The experimental conditions consisted of the participants undertaking 10 min of a specific warm-up, including WRs attached to the ankle with magnitudes corresponding to either 0.1% (WR0.1), 0.2% (WR0.2), and 0.3% (WR0.3) of the athlete’s body mass (BM), and an unloaded control condition (CONT). A post-intervention repeated CoD performance was collected during the first (SSG1), and the second (SSG2) halves of the 2 × 20 min SSG. For the first test session, the players were randomly assigned to perform one of four experimental warm-up conditions using an online random number generator (Research Q6 Randomizer [version 4.0]). The remaining test sessions were performed in a cyclic order: [1] unloaded [2], WR0.1; [3] WR 0.2; [4] WR0.3 of BM and so on. For WR0.1, WR0.2, and WR0.3, the WRs were only worn during the later phase of the specific warm-up (exercises 9–11) (Table 1) [28]. The three conditioning loaded exercises consisted of: [1] exercise 9: running in a straight line over a distance of 10 m, repeated twice, with 10-s recovery (90 s); [2] exercise10: running in a straight line over a distance of 15 m, repeated 3 times, with 10-s recovery (2 min); and 3) exercise 11: running in a zigzag form over a distance of 20 m, repeated twice, with 10-s recovery (2 min). The CONT condition consisted of the subjects performing exercises 9-10-, and 11 without wearing WRs (unloaded).

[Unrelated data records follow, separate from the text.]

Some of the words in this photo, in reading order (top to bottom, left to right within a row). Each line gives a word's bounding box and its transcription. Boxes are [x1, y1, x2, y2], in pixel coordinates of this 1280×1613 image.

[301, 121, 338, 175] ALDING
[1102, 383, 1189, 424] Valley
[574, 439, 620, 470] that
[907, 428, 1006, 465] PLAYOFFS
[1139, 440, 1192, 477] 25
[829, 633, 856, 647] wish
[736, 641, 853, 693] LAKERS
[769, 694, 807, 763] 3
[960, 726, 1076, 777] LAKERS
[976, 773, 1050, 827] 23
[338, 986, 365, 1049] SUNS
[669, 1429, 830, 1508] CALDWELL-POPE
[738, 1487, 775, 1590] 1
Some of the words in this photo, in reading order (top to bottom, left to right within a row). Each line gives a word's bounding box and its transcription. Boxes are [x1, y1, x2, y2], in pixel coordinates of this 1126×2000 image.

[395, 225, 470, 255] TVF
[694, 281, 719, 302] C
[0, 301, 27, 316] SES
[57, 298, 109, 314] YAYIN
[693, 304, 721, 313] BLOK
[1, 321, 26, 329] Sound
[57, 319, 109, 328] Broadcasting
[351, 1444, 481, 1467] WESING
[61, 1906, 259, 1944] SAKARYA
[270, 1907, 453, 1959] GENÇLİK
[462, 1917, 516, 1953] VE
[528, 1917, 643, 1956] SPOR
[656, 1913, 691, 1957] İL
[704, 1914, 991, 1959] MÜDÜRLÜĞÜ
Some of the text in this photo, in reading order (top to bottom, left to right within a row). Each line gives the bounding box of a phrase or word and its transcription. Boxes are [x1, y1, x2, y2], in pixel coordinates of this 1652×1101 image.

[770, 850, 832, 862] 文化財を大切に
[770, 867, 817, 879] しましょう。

Table 1 Complete warm-up protocol performed by participants [28]

The SSG consisted of two halves of 20 min (SSG1, and SSG2) separated by a 5-minute passive rest period. The repeated CoD was collected at 3 time points during the two halves of the soccer game: during SSG1 ((at the 8th min [SSG1-8 min]), and the 15th min [SSG1-15 min]), and during SSG2 (at the 15th min [SSG2-15 min]) (Fig. 1) so that each participant completed a single repeated CoD trial at each testing assessed time point during SSG1 and SSG2. The SSG were chosen as a replacement of a soccer match as they reproduce and improve soccer-related key variables [29, 30], and performances [31,32,33] in a time-efficient manner [9].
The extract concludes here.